Given data:
--------

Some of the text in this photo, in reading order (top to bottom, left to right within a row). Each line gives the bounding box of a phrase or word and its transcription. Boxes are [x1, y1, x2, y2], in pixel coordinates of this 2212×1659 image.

--------

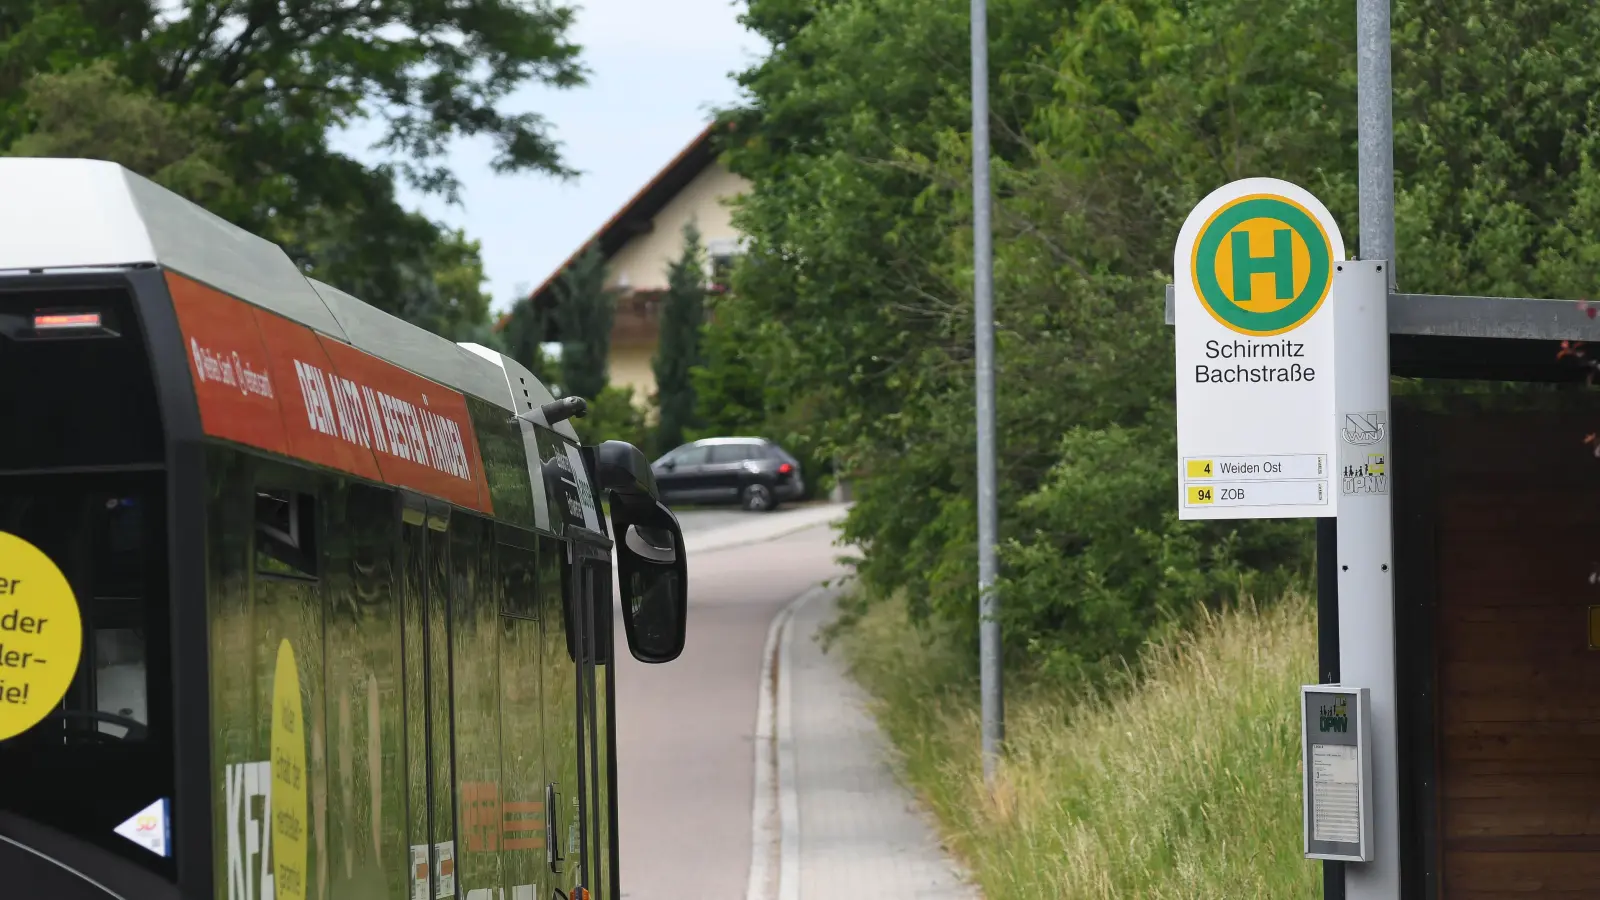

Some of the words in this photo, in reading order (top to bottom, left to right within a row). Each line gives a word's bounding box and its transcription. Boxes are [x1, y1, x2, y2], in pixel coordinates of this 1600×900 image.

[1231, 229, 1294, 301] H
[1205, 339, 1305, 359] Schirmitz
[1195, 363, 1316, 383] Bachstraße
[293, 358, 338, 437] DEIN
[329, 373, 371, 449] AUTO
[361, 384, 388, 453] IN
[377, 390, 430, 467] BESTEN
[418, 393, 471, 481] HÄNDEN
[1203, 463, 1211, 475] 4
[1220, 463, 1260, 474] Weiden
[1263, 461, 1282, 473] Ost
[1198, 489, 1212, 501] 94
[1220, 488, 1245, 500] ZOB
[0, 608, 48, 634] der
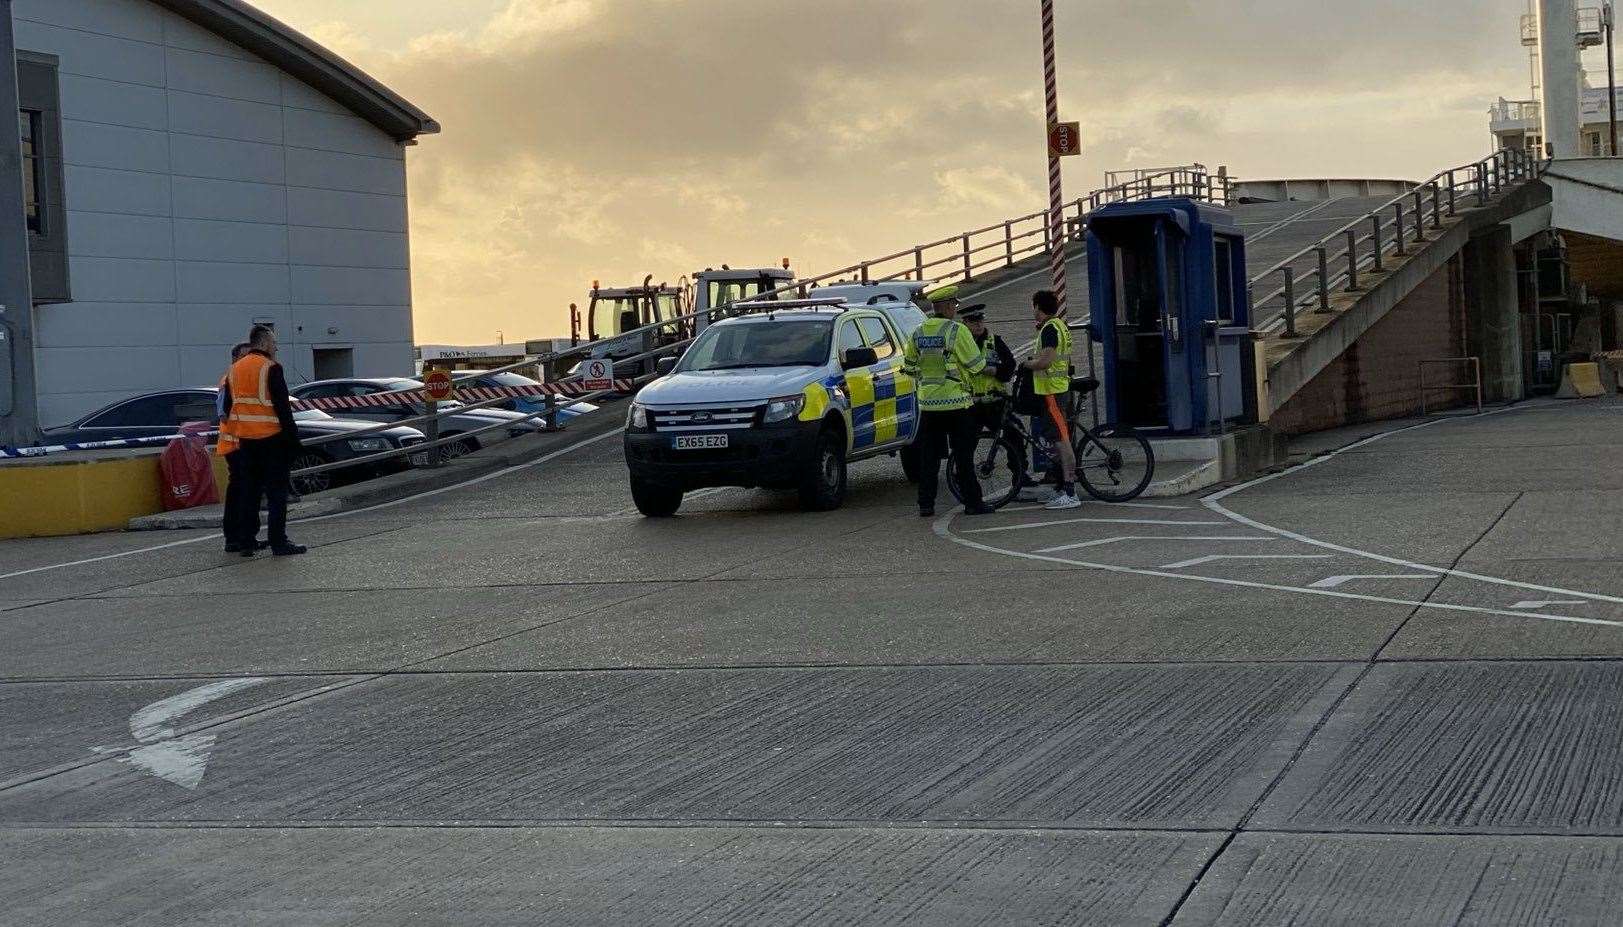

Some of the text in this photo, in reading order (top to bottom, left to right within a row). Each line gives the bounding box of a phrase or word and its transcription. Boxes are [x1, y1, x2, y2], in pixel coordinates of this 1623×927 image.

--------

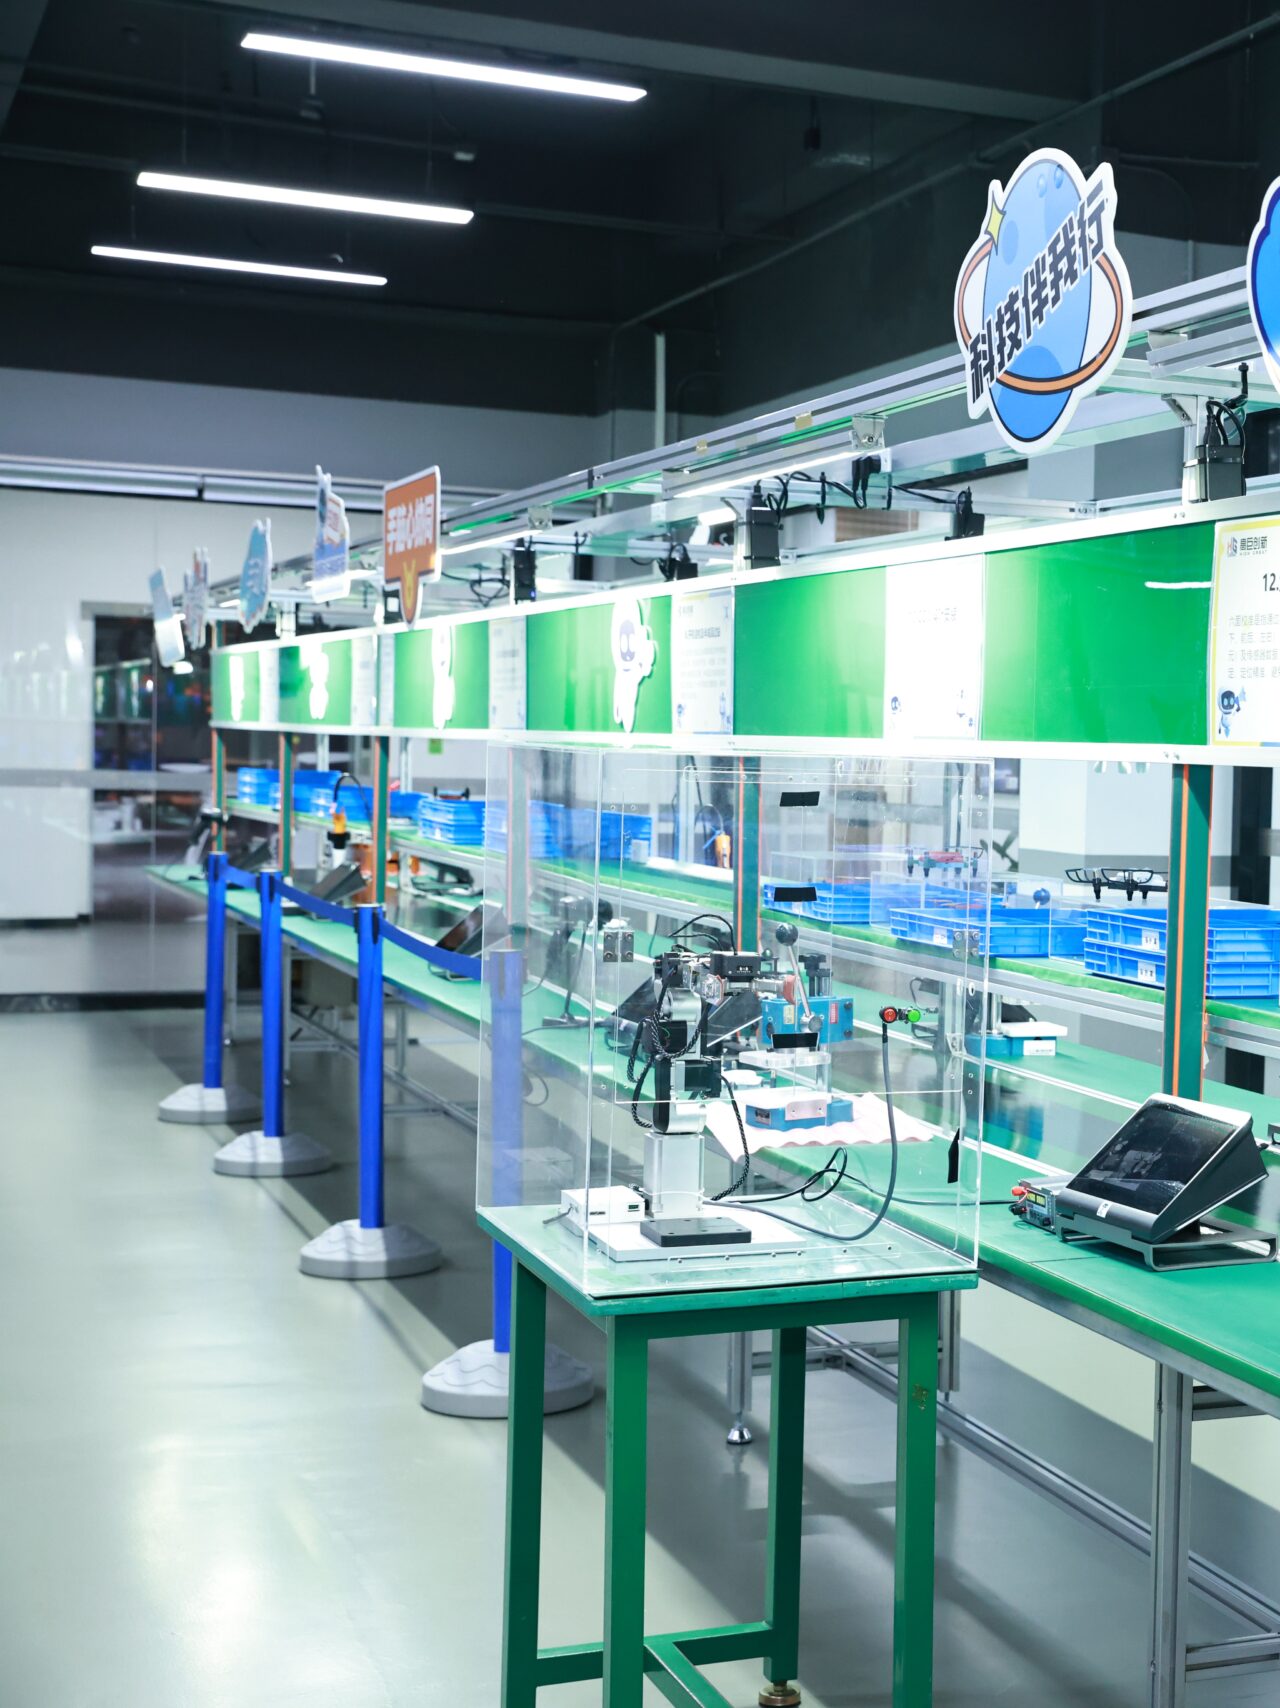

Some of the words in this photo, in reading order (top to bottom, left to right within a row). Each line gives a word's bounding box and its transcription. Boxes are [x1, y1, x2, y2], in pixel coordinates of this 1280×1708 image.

--------

Search the listing for the word "text". Copy every line in which it occurs.

Answer space:
Some of the text in this photo, in reading order (top to bottom, left to right within a row). Each line gives the bounding box of a phrase or word and its transcription. Boxes are [x1, y1, x2, y2], in pixel coordinates of this 2212×1659 image.
Some of the text in this photo, in reading order (top to bottom, left to right within a row). Each line gives the bounding box of a phrase or word and its transcription. Boxes are [x1, y1, x2, y2], in pixel coordinates of this 1623×927 image.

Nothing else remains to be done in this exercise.